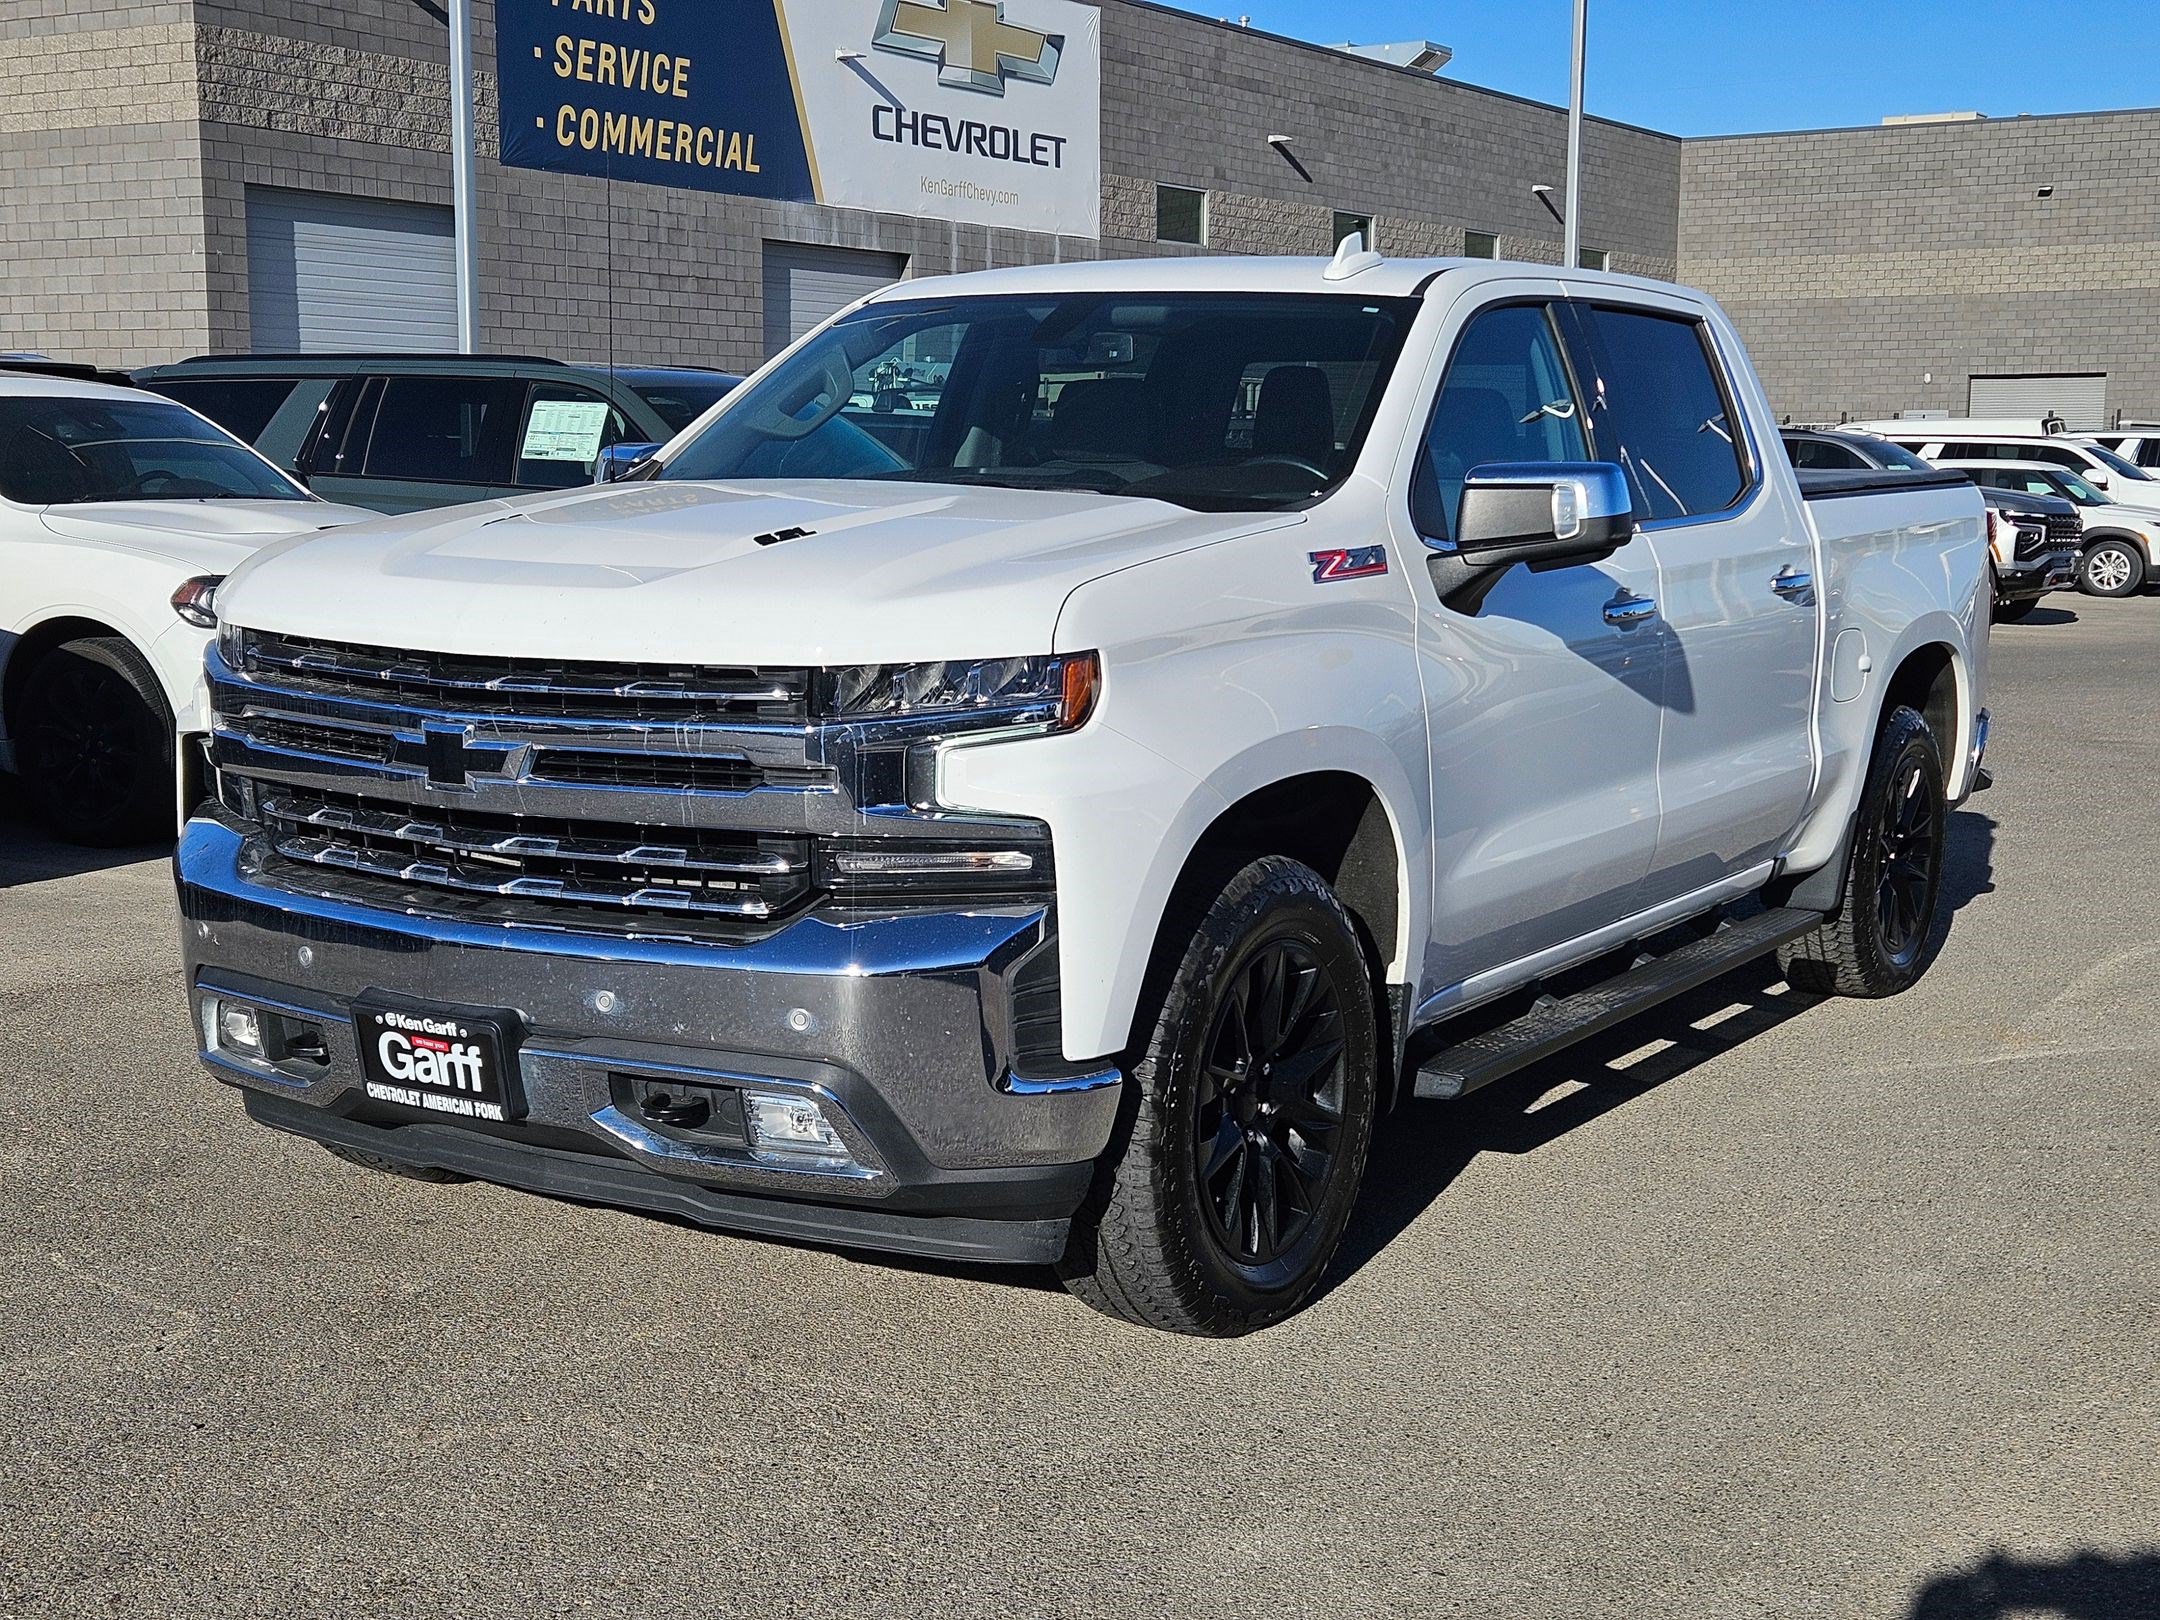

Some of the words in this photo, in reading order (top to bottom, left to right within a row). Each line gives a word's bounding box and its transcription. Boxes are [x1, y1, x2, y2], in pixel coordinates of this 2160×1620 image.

[553, 34, 691, 98] SERVICE
[556, 104, 760, 173] COMMERCIAL
[872, 104, 1067, 168] CHEVROLET
[920, 175, 1019, 206] KenGarffChevy.com
[1307, 545, 1388, 584] Z71
[378, 1031, 483, 1093] Garff
[366, 1081, 421, 1107] CHEVROLET
[422, 1092, 474, 1117] AMERICAN
[473, 1101, 504, 1121] FORK
===
Keeping the pictures out, output the records from above exactly and completely.

→ **Task answer**
Some of the words in this photo, in reading order (top to bottom, left to right within a row). Each line gives a word's bounding box and its transcription. Boxes are [x1, y1, x2, y2], in pixel coordinates of this 2160×1620 image.

[553, 34, 691, 98] SERVICE
[556, 104, 760, 173] COMMERCIAL
[872, 104, 1067, 168] CHEVROLET
[920, 175, 1019, 206] KenGarffChevy.com
[1307, 545, 1388, 584] Z71
[378, 1031, 483, 1093] Garff
[366, 1081, 421, 1107] CHEVROLET
[422, 1092, 474, 1117] AMERICAN
[473, 1101, 504, 1121] FORK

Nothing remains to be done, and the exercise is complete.